At this time, on this day last year, I was hugging Philly and sitting in a daze. It was a Tuesday, and Milly had passed somewhere between 10am and 12pm, on the operating table.
We never got to bide her safe journey.
The surgery was an exploratory operation – to find out exactly what are the lumps the vet had felt in Milly’s tummy just the Saturday before.
The verdict: Milly suffered from multi-cystic intestinal lymphoma. Cancer. And very aggressive it was too. Her intestines were so riddled with cysts of all sizes that the vet determined it was better to just let her go. This was especially in view of the fact that many of the cysts were pus-filled, and could break any moment.
Milly would likely not last more than 1 month in the most optimistic scenario. Reviving her meant that she would have to go through the healing process of recovering from surgery, and it would be a struggle she may not survive, given her weakened and debilitated state of health.
Today, I feel as if it is 25 Oct 2005 again. My eyes ache with tears, but they will remain uncried, for the most part.
Since her passing, there is a tugging on the heart whenever I think of Milly. It is now a familiar sensation.
Among the slackers, Milly is the smallest – where Bam Bam, Teddy, Joey and Philly weigh upwards of 6 kilos, Bams the lightest at 6.3 or so and Philly/Joey between 7.5 to 8, she is less than 4. She is also the omega, giving way to all and sundry.
Being used to large cats, there is something very different about holding a small dainty cat like her, a welcome difference of soft, effortless affection compared to the (back-breaking) grunting strain of cuddling the large heavy ones – though in fairness, their bulk do make for very comforting mass, especially when they purr, it resonates so. Still, Milly was the most obliging cuddle of the brood, until Philly joined us.

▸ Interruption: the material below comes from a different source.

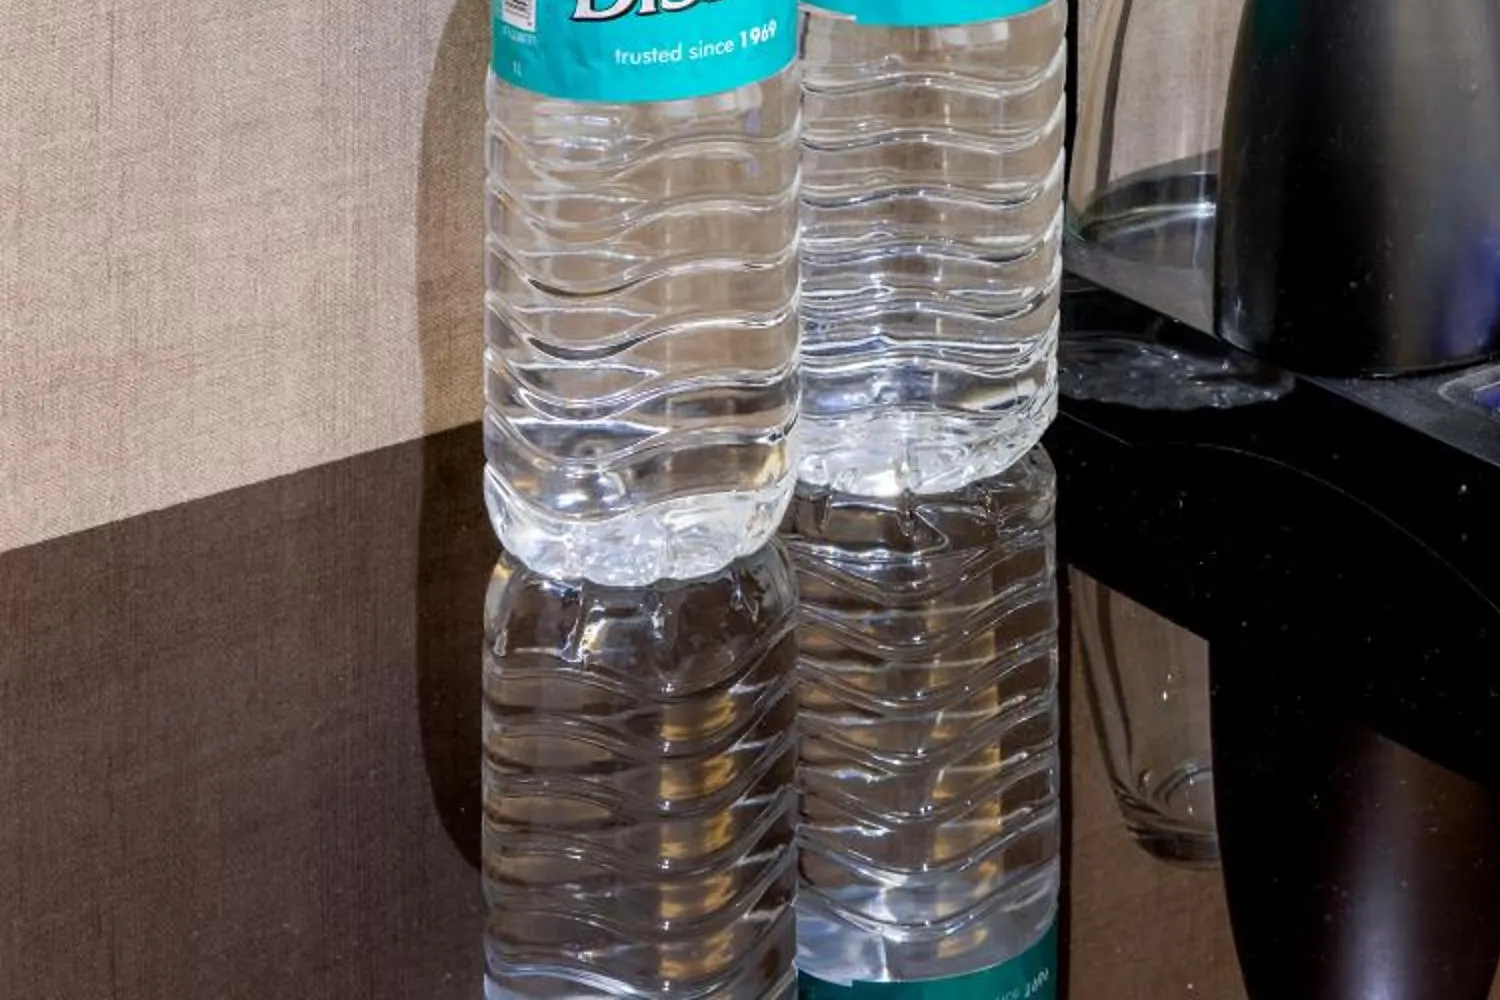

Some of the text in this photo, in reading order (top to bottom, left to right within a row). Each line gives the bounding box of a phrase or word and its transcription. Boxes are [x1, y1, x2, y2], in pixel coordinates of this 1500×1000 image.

[614, 19, 778, 66] trusted since 1969

At the time that Milly joined the slacker club, there was only Teddy, Bam Bam and Joey. We had not intended for Milly to be a slacker. But that is a story for another time. For now, I just want to remember her.

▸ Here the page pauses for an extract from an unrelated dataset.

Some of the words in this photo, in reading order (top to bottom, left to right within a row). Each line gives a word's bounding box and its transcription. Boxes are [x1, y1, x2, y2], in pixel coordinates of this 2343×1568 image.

Tenderness – Joey loved having a younger, and smaller cat to fuss over. Milly was already full-grown here.
When Milly passed, she was only 3.5 years old. She died from cancer, but the cancer was likely to have been even more aggressive than usual due to her being an FiV cat. Did the fact that she was an FiV-cat change anything? Well, yes, we did have watch her a bit more carefully the others. But nothing else was different – FiV, like HiV, is more a stigma disease than anything.
Despite being more observant of her health and daily habits, we still failed her – though the vet has said that gastro-intestinal cancer is very difficult to detect, and we had in fact brought her in earlier than most.
It is small comfort.
One year has gone, but I still find myself looking around for her.
Your mum doesn’t say it, but she misses you like crazy too.
Your loving aunt,
PS Your littermate, Rheilly, and her son Kheilly joined the homeslacking crew this year on Mar 18. They don’t fill the void you left behind, and we don’t expect them too, but it is a joy to have them at home. We thought you’d like to know that Rheilly, after a lifetime of being a homeless cat, now has a home too. She and Philly hit it right off, just like you did with him. We know you three recognised and remembered each other. Too bad you did not get to reunite with Rheilly. Btw, Philly and Joey still think of you too.